Author: Yogita Khatri, Theblock Translation: Shan Oppa, Golden Finance
Stablecoin is a cryptocurrency designed to maintain a stable value. However, not all stablecoins take the same approach to achieving this goal. They can be broadly divided into three broad categories: fiat stablecoins, cryptocurrency-backed and algorithmic stablecoins.
Fiat-backed stablecoins
Fiat-backed stablecoins are designed to mirror the U.S. dollar and the value of traditional currencies, such as the euro, is by far the most popular category. Their issuers claim they maintain a reserve of liquid assets to back stablecoins on the blockchain. Ideally, they hold reserves in cash or cash equivalents (such as Treasury bonds) that equal or exceed the circulating supply of their stablecoin. Tether’s USDT and Circle’s USDC are typical examples of fiat-backed stablecoins.

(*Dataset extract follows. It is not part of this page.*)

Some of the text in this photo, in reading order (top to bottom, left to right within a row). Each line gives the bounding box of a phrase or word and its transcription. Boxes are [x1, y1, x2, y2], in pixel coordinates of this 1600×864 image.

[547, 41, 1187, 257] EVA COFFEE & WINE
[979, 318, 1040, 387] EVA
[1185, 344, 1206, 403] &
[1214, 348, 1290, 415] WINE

Stablecoins backed by fiat currencies are often used for transactions, remittances and lending activities in the field of decentralized finance. However, these stablecoins are centralized, their reserves may include volatile and risky assets, and the lack of independent third-party audits creates additional risks. Nonetheless, the popularity, liquidity, and resistance to price manipulation of fiat-backed stablecoins underscore their importance in the cryptocurrency space.

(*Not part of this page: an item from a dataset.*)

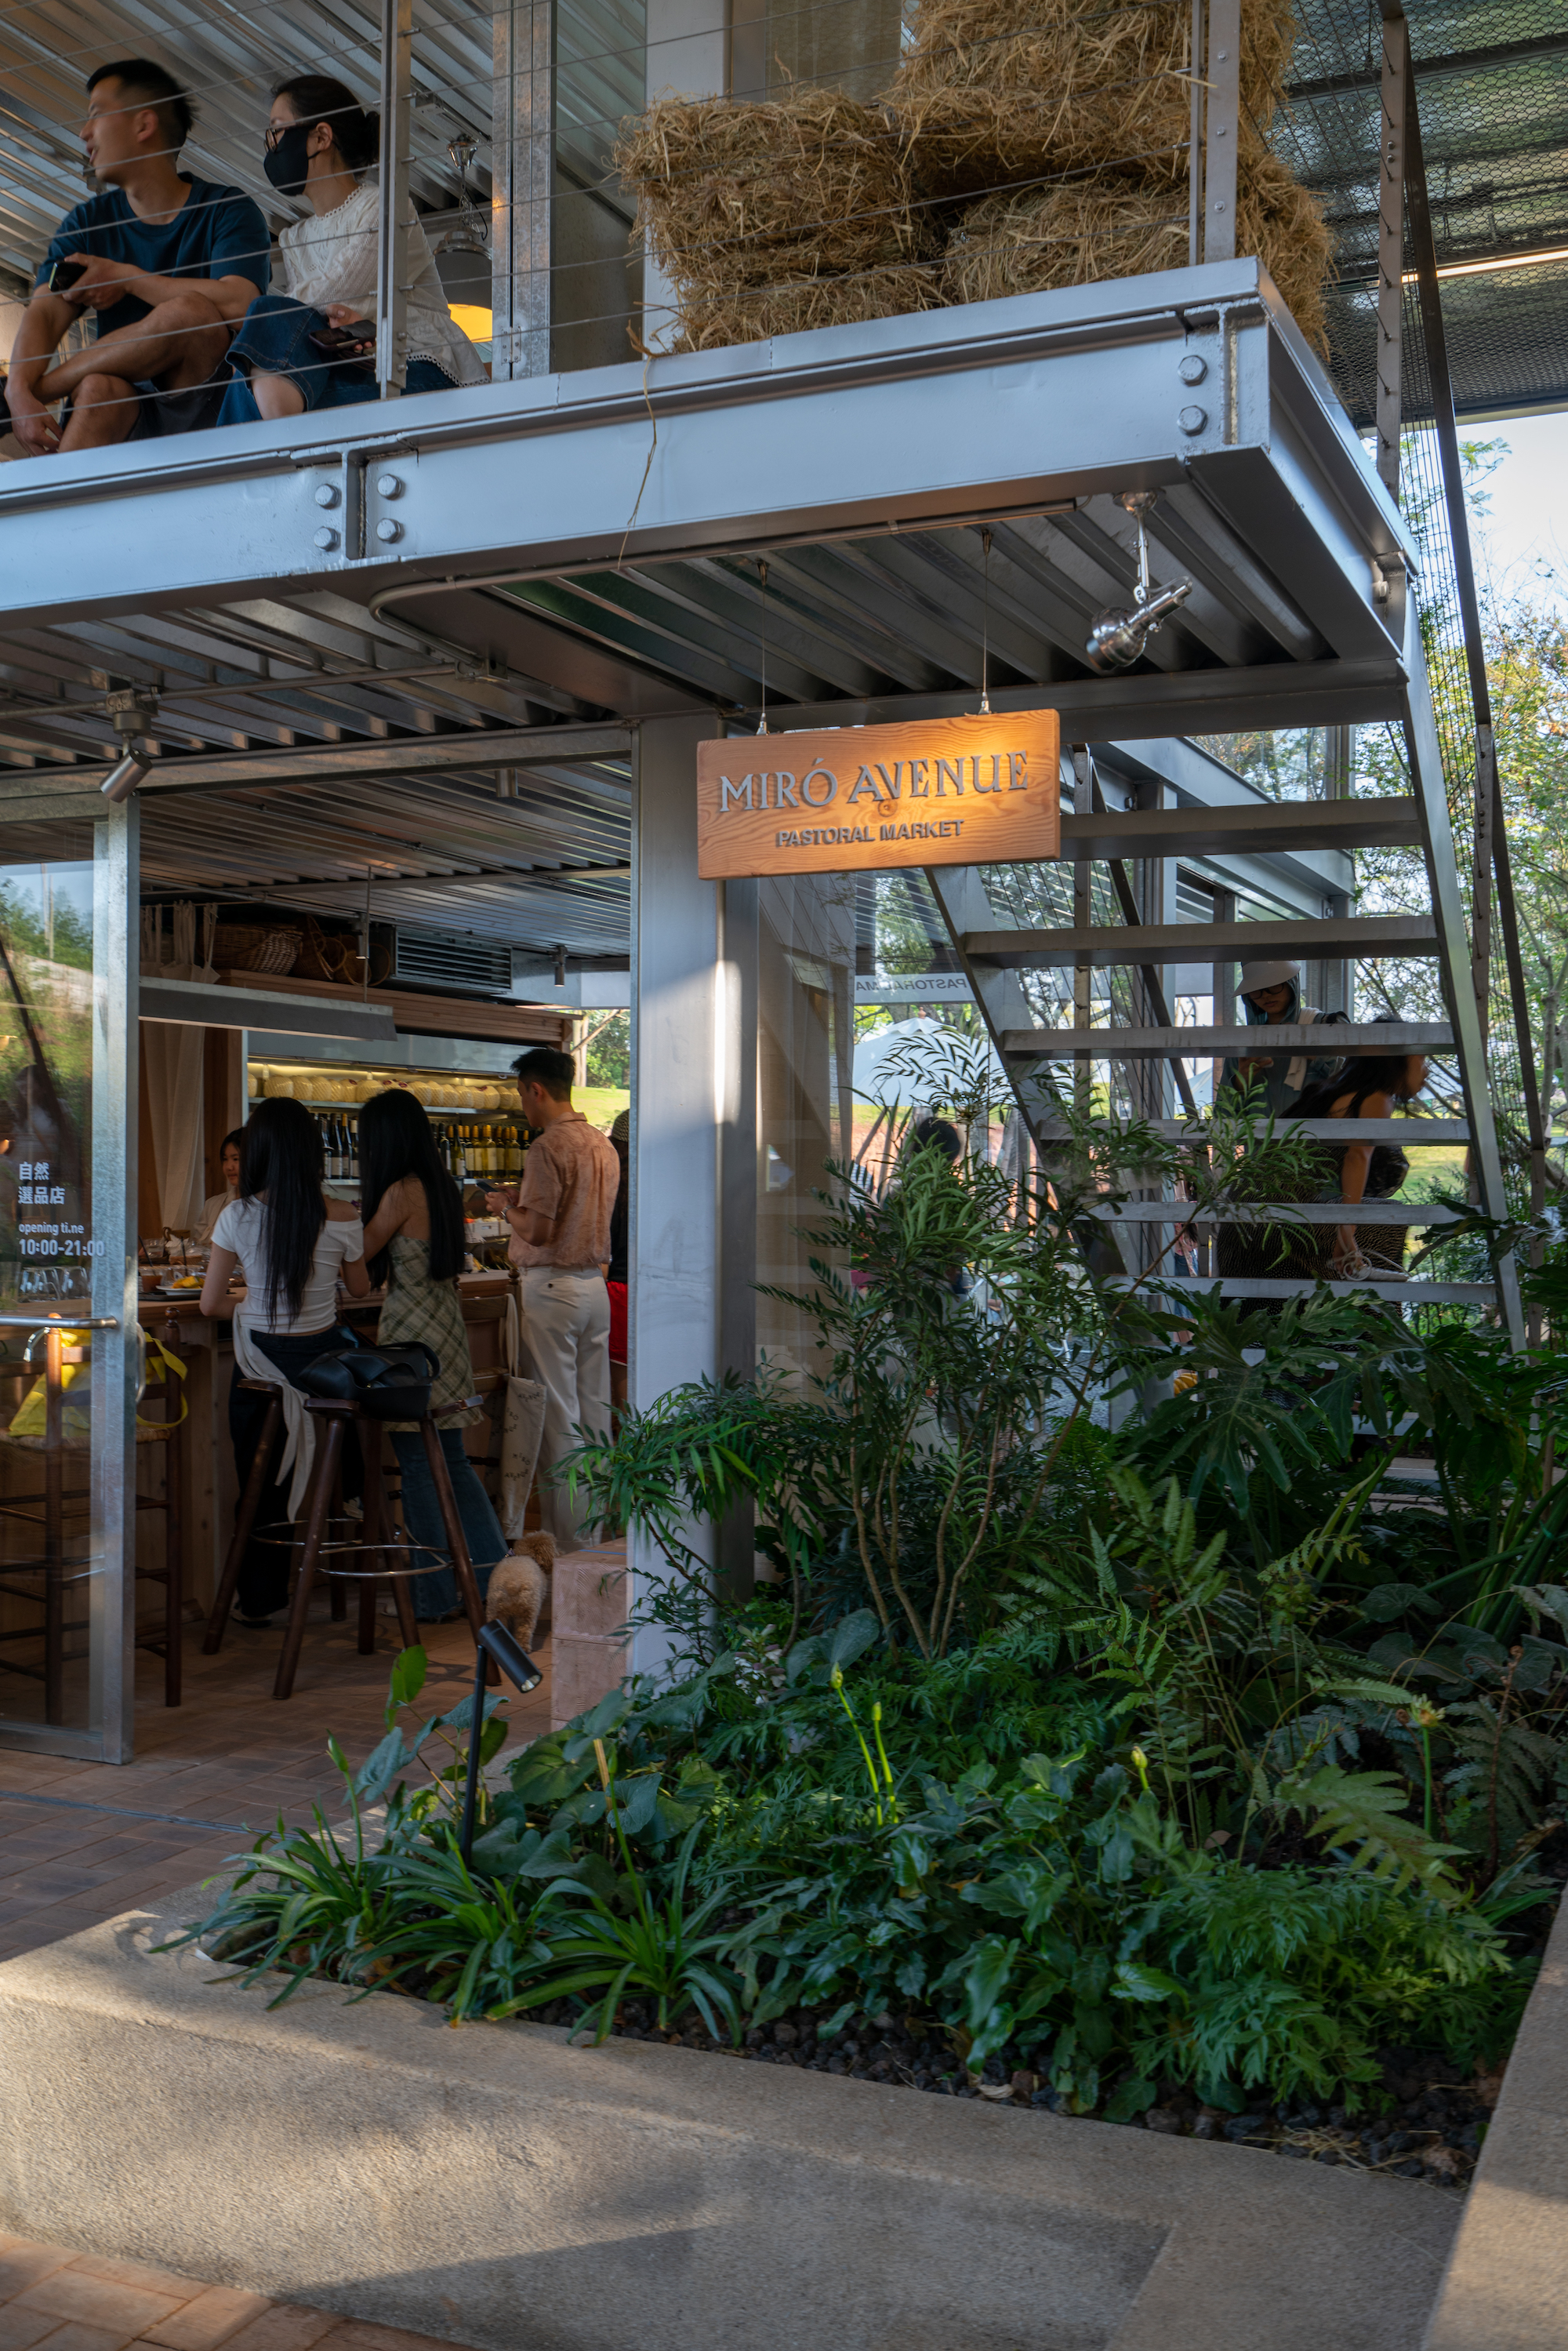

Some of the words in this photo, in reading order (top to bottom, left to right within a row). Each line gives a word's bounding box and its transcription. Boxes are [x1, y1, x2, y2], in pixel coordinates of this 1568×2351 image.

Cryptocurrency-backed stablecoins
As the name suggests, cryptocurrency-backed stablecoins are Cryptocurrency-backed as collateral. However, due to the volatility of cryptocurrencies, cryptocurrency-backed stablecoins often require overcollateralization to a specific ratio to ensure stability. For example, the collateralization requirement is 150%, meaning a user would need to deposit $150 worth of cryptocurrency in order to mint $100 of stablecoins. The best example of a cryptocurrency-backed stablecoin is MakerDAO’s DAI, which is currently the largest cryptocurrency-backed stablecoin by market capitalization.
Cryptocurrency-backed stablecoins are decentralized and trustless, but they are not without risks. Volatility in the collateral backing these stablecoins has the potential to disrupt their pegs, potentially automatically liquidating the underlying collateral if prices collapse.
Algorithmic stablecoins
Algorithmic stablecoins use algorithms and incentive mechanisms to maintain their price stability . Unlike collateralized fiat-backed stablecoins or over-collateralized cryptocurrency-backed stablecoins, algorithmic stablecoins typically operate undercollateralized. This means they do not rely on asset reserves to realize their value.
The stability of algorithmic stablecoins depends largely on market demand. If demand drops below a certain threshold, the entire system collapses. This is exactly what happened last year, when the TerraUSD stablecoin experienced a major decoupling event that saw its price fall below $1, causing a massive sell-off and causing the price of Luna, the governance token of the Terra blockchain system, to drop. In May 2022, the collapse of Terra -Luna wiped more than $40 billion from investor wealth in just a few days.
Despite these potential drawbacks, the transparency and decentralization offered by algorithmic stablecoins may be attractive to some users as to how they operate Fully controlled by auditable code.
Finally, there are asset-backed stablecoins, such as Paxos Gold and Tether Gold, which claim to be backed by physical reserves of precious metals, providing stability through tangible assets.